EXERCISE: Copy the records below without altering a single word.

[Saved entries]
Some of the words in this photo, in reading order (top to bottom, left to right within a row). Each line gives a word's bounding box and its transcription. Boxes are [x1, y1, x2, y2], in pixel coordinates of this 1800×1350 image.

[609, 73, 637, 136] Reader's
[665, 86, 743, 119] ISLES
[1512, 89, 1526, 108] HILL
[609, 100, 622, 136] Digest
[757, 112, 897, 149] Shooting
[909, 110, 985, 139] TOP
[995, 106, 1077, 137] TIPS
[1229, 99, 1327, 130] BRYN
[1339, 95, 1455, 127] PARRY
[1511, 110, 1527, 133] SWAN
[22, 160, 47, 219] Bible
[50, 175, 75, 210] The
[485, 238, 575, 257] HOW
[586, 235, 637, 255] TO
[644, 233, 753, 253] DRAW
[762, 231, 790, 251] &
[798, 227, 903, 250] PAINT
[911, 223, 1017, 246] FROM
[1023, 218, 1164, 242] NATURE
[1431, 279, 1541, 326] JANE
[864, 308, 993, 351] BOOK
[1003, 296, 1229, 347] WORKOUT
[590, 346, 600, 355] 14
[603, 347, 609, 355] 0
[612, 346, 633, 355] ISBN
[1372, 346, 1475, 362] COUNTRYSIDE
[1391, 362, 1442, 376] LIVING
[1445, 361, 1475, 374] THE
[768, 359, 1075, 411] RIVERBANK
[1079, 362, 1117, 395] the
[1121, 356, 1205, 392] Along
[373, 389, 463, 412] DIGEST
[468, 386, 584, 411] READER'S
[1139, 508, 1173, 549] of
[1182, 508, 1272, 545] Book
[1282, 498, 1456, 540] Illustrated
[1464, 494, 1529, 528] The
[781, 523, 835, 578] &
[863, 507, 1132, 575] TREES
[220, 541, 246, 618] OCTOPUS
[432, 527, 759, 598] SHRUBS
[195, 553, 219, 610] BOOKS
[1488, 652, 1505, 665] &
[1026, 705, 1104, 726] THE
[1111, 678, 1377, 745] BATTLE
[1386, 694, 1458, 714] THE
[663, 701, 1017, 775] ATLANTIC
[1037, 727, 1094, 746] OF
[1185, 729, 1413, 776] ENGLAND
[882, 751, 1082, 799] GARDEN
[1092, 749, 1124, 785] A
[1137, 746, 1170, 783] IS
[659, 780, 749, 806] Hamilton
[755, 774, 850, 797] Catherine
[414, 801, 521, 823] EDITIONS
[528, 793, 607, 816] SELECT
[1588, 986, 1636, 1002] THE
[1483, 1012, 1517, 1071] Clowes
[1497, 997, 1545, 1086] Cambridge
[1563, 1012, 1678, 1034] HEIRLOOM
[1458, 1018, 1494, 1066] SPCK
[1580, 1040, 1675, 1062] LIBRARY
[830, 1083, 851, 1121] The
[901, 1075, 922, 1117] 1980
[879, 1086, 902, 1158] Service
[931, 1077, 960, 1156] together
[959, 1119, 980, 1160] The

WRITTEN SOLUTION:
Some of the words in this photo, in reading order (top to bottom, left to right within a row). Each line gives a word's bounding box and its transcription. Boxes are [x1, y1, x2, y2], in pixel coordinates of this 1800×1350 image.

[609, 73, 637, 136] Reader's
[665, 86, 743, 119] ISLES
[1512, 89, 1526, 108] HILL
[609, 100, 622, 136] Digest
[757, 112, 897, 149] Shooting
[909, 110, 985, 139] TOP
[995, 106, 1077, 137] TIPS
[1229, 99, 1327, 130] BRYN
[1339, 95, 1455, 127] PARRY
[1511, 110, 1527, 133] SWAN
[22, 160, 47, 219] Bible
[50, 175, 75, 210] The
[485, 238, 575, 257] HOW
[586, 235, 637, 255] TO
[644, 233, 753, 253] DRAW
[762, 231, 790, 251] &
[798, 227, 903, 250] PAINT
[911, 223, 1017, 246] FROM
[1023, 218, 1164, 242] NATURE
[1431, 279, 1541, 326] JANE
[864, 308, 993, 351] BOOK
[1003, 296, 1229, 347] WORKOUT
[590, 346, 600, 355] 14
[603, 347, 609, 355] 0
[612, 346, 633, 355] ISBN
[1372, 346, 1475, 362] COUNTRYSIDE
[1391, 362, 1442, 376] LIVING
[1445, 361, 1475, 374] THE
[768, 359, 1075, 411] RIVERBANK
[1079, 362, 1117, 395] the
[1121, 356, 1205, 392] Along
[373, 389, 463, 412] DIGEST
[468, 386, 584, 411] READER'S
[1139, 508, 1173, 549] of
[1182, 508, 1272, 545] Book
[1282, 498, 1456, 540] Illustrated
[1464, 494, 1529, 528] The
[781, 523, 835, 578] &
[863, 507, 1132, 575] TREES
[220, 541, 246, 618] OCTOPUS
[432, 527, 759, 598] SHRUBS
[195, 553, 219, 610] BOOKS
[1488, 652, 1505, 665] &
[1026, 705, 1104, 726] THE
[1111, 678, 1377, 745] BATTLE
[1386, 694, 1458, 714] THE
[663, 701, 1017, 775] ATLANTIC
[1037, 727, 1094, 746] OF
[1185, 729, 1413, 776] ENGLAND
[882, 751, 1082, 799] GARDEN
[1092, 749, 1124, 785] A
[1137, 746, 1170, 783] IS
[659, 780, 749, 806] Hamilton
[755, 774, 850, 797] Catherine
[414, 801, 521, 823] EDITIONS
[528, 793, 607, 816] SELECT
[1588, 986, 1636, 1002] THE
[1483, 1012, 1517, 1071] Clowes
[1497, 997, 1545, 1086] Cambridge
[1563, 1012, 1678, 1034] HEIRLOOM
[1458, 1018, 1494, 1066] SPCK
[1580, 1040, 1675, 1062] LIBRARY
[830, 1083, 851, 1121] The
[901, 1075, 922, 1117] 1980
[879, 1086, 902, 1158] Service
[931, 1077, 960, 1156] together
[959, 1119, 980, 1160] The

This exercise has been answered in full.